In der gegebenen Situation, in der ohnehin eine Belastung eines fiktiven Anteils des Alleineigentums fortbestehen muss, ist die Möglichkeit der Belastung des weiteren restlichen Bruchteils auch im Interesse der Übersichtlichkeit des Grundbuchs unter den gegebenen Umständen geboten.

Das Oberlandesgericht Düsseldorf (MittBayNot 1976, 137) erachtet die Bestellung einer Vormerkung an einem ideellen Bruchteil eines Grundstücks durch den Alleineigentümer auch deswegen nicht für möglich, weil das dingliche Vorkaufsrecht, bei dem § 1095 BGB die Bruchteilsbelastung ausdrücklich verbietet, nach § 1098 Abs. 2 BGB Dritten gegenüber die Wirkung einer Vormerkung hat. Dem ist entgegenzuhalten, dass von den Besonderheiten des Vorkaufsrechts nicht ohne weiteres auf die Rechtslage bei der Vormerkung geschlossen werden kann, die anderen Regeln unterliegt.

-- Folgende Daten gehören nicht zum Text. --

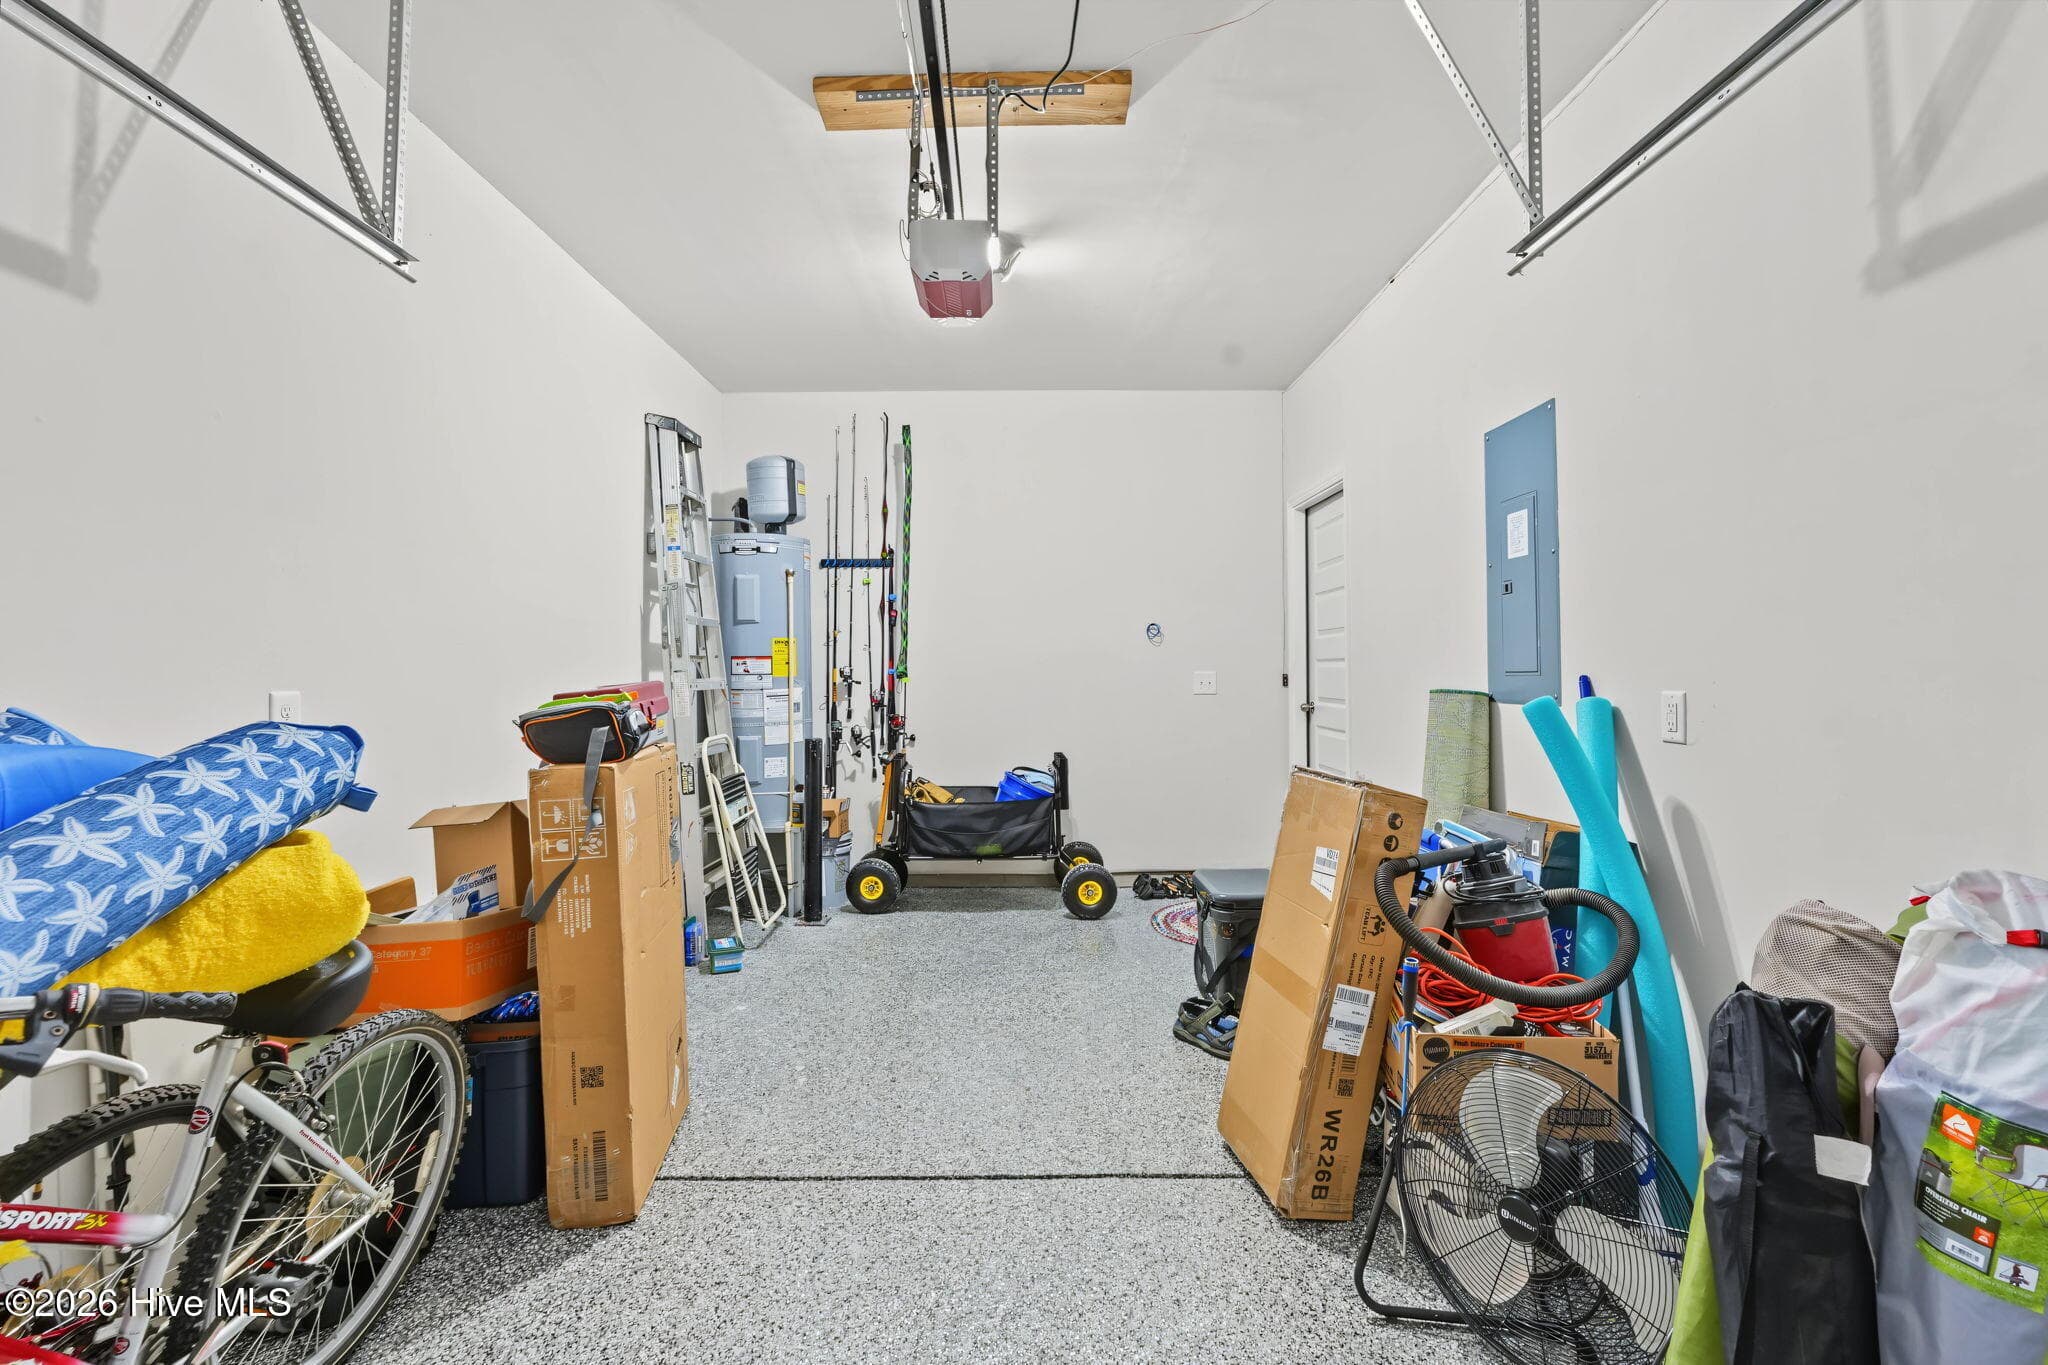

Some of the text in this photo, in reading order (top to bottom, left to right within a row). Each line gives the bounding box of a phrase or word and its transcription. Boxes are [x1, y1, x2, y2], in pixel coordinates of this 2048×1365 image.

[1360, 907, 1371, 941] TEAM LIFT
[1311, 1109, 1343, 1201] WR26B
[1960, 1206, 1988, 1225] CHAIR

Eine Eintragung des Rechts entsprechend dem vorliegenden Antrag der Beteiligten vermeidet im Übrigen die praktischen Schwierigkeiten, die bei Belastung des gesamten Grundstücks mit einer Rückauflassungsvormerkung, die nur die Übertragung eines hälftigen Anteils sichern soll, entstehen. Ihnen kann zwar, wie das Landgericht zutreffend ausgeführt hat, durch entsprechende obligatorische Vereinbarungen begegnet werden. Derartige Vereinbarungen tragen aber ebenfalls nicht zur Vereinfachung der Rechtssituation bei. So wäre es bei antragsgemäßer Eintragung etwa entbehrlich, in den Vertrag eine Bestimmung aufzunehmen, die die Beteiligte zu 1 für den Fall, dass der Beteiligte zu 2 den ihm bereits von vornherein zustehenden Grundstücksanteil veräußern will, verpflichtete, insoweit auf die Vormerkung zu verzichten.

Der Senat hält aus diesen Gründen die Entscheidung des Oberlandesgerichts Düsseldorf nicht für überzeugend und hätte die Sache dem Bundesgerichtshof vorgelegt, wenn es für die vorliegende Entscheidung auf die Rechtsfrage ankäme.